* _MATERIAL TO PROCESS_:
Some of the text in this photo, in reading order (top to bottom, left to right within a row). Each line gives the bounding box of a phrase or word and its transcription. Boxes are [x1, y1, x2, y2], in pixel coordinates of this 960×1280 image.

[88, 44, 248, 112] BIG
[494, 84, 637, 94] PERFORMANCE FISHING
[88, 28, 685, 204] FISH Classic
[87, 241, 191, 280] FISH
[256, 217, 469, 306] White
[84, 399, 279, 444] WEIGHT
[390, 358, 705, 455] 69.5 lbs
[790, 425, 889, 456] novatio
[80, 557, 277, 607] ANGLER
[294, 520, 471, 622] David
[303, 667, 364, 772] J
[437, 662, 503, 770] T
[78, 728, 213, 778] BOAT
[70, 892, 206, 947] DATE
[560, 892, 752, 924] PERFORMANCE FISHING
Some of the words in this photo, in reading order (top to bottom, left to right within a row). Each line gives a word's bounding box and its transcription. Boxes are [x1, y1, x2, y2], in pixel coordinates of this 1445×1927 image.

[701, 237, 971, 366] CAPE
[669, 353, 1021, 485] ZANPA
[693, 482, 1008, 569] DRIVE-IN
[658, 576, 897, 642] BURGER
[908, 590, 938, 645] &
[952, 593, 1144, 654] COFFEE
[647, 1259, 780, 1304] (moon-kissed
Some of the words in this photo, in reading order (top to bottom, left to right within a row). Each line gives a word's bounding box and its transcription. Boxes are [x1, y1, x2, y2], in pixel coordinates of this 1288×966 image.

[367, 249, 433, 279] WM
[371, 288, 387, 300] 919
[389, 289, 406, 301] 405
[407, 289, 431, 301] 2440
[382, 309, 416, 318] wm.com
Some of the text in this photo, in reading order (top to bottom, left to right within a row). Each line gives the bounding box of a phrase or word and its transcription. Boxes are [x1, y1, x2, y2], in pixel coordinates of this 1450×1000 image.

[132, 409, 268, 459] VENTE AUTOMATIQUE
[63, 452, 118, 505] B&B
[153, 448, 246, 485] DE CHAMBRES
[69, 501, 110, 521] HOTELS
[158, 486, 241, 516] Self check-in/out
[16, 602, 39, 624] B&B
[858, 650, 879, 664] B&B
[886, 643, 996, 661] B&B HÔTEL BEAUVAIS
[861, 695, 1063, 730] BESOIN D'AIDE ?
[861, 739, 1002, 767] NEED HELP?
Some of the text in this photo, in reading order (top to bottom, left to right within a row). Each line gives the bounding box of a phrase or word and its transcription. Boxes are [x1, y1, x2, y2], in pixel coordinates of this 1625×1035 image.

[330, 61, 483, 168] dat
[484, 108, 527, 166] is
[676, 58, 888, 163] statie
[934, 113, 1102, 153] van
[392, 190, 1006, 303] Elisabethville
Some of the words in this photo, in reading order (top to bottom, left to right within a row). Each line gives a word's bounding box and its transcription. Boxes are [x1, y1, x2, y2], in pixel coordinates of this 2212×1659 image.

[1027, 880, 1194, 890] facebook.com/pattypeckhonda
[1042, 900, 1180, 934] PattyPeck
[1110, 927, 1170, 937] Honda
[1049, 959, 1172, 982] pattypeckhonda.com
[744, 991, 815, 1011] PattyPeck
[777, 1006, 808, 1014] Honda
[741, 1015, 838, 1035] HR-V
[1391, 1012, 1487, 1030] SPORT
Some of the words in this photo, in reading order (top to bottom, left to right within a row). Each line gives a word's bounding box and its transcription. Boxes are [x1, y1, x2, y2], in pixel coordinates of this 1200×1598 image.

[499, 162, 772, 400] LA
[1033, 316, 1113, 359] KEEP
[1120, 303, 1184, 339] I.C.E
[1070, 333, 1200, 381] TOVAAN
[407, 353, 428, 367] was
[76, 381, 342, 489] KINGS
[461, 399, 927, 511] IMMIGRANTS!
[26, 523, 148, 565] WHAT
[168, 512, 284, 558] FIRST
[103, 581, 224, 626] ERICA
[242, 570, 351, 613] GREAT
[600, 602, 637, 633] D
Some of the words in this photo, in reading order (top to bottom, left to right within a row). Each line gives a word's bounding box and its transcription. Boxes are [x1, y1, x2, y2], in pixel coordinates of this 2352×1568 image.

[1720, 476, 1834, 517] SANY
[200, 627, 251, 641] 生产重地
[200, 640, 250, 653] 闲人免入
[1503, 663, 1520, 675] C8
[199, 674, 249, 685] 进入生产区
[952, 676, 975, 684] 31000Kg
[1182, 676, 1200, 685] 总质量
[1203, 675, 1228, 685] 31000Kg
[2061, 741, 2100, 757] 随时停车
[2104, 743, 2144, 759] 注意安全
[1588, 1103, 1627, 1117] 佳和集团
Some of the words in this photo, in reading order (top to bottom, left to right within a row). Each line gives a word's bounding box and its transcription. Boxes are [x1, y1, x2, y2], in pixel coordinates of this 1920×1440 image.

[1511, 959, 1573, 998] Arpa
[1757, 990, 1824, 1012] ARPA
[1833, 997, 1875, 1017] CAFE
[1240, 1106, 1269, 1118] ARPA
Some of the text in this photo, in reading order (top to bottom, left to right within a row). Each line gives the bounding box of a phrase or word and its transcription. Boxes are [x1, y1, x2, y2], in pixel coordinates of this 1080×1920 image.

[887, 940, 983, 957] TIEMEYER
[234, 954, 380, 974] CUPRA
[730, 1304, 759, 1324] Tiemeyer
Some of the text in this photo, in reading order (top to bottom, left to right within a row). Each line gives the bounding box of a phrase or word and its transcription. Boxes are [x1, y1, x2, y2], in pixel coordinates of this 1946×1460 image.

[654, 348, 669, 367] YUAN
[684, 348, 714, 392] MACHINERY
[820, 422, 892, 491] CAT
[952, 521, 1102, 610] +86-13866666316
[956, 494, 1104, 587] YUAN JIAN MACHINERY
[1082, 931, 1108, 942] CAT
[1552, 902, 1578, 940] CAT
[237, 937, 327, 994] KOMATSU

* _HOW TO COMPLETE THIS TASK_: Line by line, transcribe the material above without leaving anything out.

* _SOLUTION TO THE EXERCISE_:
Some of the text in this photo, in reading order (top to bottom, left to right within a row). Each line gives the bounding box of a phrase or word and its transcription. Boxes are [x1, y1, x2, y2], in pixel coordinates of this 960×1280 image.

[88, 44, 248, 112] BIG
[494, 84, 637, 94] PERFORMANCE FISHING
[88, 28, 685, 204] FISH Classic
[87, 241, 191, 280] FISH
[256, 217, 469, 306] White
[84, 399, 279, 444] WEIGHT
[390, 358, 705, 455] 69.5 lbs
[790, 425, 889, 456] novatio
[80, 557, 277, 607] ANGLER
[294, 520, 471, 622] David
[303, 667, 364, 772] J
[437, 662, 503, 770] T
[78, 728, 213, 778] BOAT
[70, 892, 206, 947] DATE
[560, 892, 752, 924] PERFORMANCE FISHING
Some of the words in this photo, in reading order (top to bottom, left to right within a row). Each line gives a word's bounding box and its transcription. Boxes are [x1, y1, x2, y2], in pixel coordinates of this 1445×1927 image.

[701, 237, 971, 366] CAPE
[669, 353, 1021, 485] ZANPA
[693, 482, 1008, 569] DRIVE-IN
[658, 576, 897, 642] BURGER
[908, 590, 938, 645] &
[952, 593, 1144, 654] COFFEE
[647, 1259, 780, 1304] (moon-kissed
Some of the words in this photo, in reading order (top to bottom, left to right within a row). Each line gives a word's bounding box and its transcription. Boxes are [x1, y1, x2, y2], in pixel coordinates of this 1288×966 image.

[367, 249, 433, 279] WM
[371, 288, 387, 300] 919
[389, 289, 406, 301] 405
[407, 289, 431, 301] 2440
[382, 309, 416, 318] wm.com
Some of the text in this photo, in reading order (top to bottom, left to right within a row). Each line gives the bounding box of a phrase or word and its transcription. Boxes are [x1, y1, x2, y2], in pixel coordinates of this 1450×1000 image.

[132, 409, 268, 459] VENTE AUTOMATIQUE
[63, 452, 118, 505] B&B
[153, 448, 246, 485] DE CHAMBRES
[69, 501, 110, 521] HOTELS
[158, 486, 241, 516] Self check-in/out
[16, 602, 39, 624] B&B
[858, 650, 879, 664] B&B
[886, 643, 996, 661] B&B HÔTEL BEAUVAIS
[861, 695, 1063, 730] BESOIN D'AIDE ?
[861, 739, 1002, 767] NEED HELP?
Some of the text in this photo, in reading order (top to bottom, left to right within a row). Each line gives the bounding box of a phrase or word and its transcription. Boxes are [x1, y1, x2, y2], in pixel coordinates of this 1625×1035 image.

[330, 61, 483, 168] dat
[484, 108, 527, 166] is
[676, 58, 888, 163] statie
[934, 113, 1102, 153] van
[392, 190, 1006, 303] Elisabethville
Some of the words in this photo, in reading order (top to bottom, left to right within a row). Each line gives a word's bounding box and its transcription. Boxes are [x1, y1, x2, y2], in pixel coordinates of this 2212×1659 image.

[1027, 880, 1194, 890] facebook.com/pattypeckhonda
[1042, 900, 1180, 934] PattyPeck
[1110, 927, 1170, 937] Honda
[1049, 959, 1172, 982] pattypeckhonda.com
[744, 991, 815, 1011] PattyPeck
[777, 1006, 808, 1014] Honda
[741, 1015, 838, 1035] HR-V
[1391, 1012, 1487, 1030] SPORT
Some of the words in this photo, in reading order (top to bottom, left to right within a row). Each line gives a word's bounding box and its transcription. Boxes are [x1, y1, x2, y2], in pixel coordinates of this 1200×1598 image.

[499, 162, 772, 400] LA
[1033, 316, 1113, 359] KEEP
[1120, 303, 1184, 339] I.C.E
[1070, 333, 1200, 381] TOVAAN
[407, 353, 428, 367] was
[76, 381, 342, 489] KINGS
[461, 399, 927, 511] IMMIGRANTS!
[26, 523, 148, 565] WHAT
[168, 512, 284, 558] FIRST
[103, 581, 224, 626] ERICA
[242, 570, 351, 613] GREAT
[600, 602, 637, 633] D
Some of the words in this photo, in reading order (top to bottom, left to right within a row). Each line gives a word's bounding box and its transcription. Boxes are [x1, y1, x2, y2], in pixel coordinates of this 2352×1568 image.

[1720, 476, 1834, 517] SANY
[200, 627, 251, 641] 生产重地
[200, 640, 250, 653] 闲人免入
[1503, 663, 1520, 675] C8
[199, 674, 249, 685] 进入生产区
[952, 676, 975, 684] 31000Kg
[1182, 676, 1200, 685] 总质量
[1203, 675, 1228, 685] 31000Kg
[2061, 741, 2100, 757] 随时停车
[2104, 743, 2144, 759] 注意安全
[1588, 1103, 1627, 1117] 佳和集团
Some of the words in this photo, in reading order (top to bottom, left to right within a row). Each line gives a word's bounding box and its transcription. Boxes are [x1, y1, x2, y2], in pixel coordinates of this 1920×1440 image.

[1511, 959, 1573, 998] Arpa
[1757, 990, 1824, 1012] ARPA
[1833, 997, 1875, 1017] CAFE
[1240, 1106, 1269, 1118] ARPA
Some of the text in this photo, in reading order (top to bottom, left to right within a row). Each line gives the bounding box of a phrase or word and its transcription. Boxes are [x1, y1, x2, y2], in pixel coordinates of this 1080×1920 image.

[887, 940, 983, 957] TIEMEYER
[234, 954, 380, 974] CUPRA
[730, 1304, 759, 1324] Tiemeyer
Some of the text in this photo, in reading order (top to bottom, left to right within a row). Each line gives the bounding box of a phrase or word and its transcription. Boxes are [x1, y1, x2, y2], in pixel coordinates of this 1946×1460 image.

[654, 348, 669, 367] YUAN
[684, 348, 714, 392] MACHINERY
[820, 422, 892, 491] CAT
[952, 521, 1102, 610] +86-13866666316
[956, 494, 1104, 587] YUAN JIAN MACHINERY
[1082, 931, 1108, 942] CAT
[1552, 902, 1578, 940] CAT
[237, 937, 327, 994] KOMATSU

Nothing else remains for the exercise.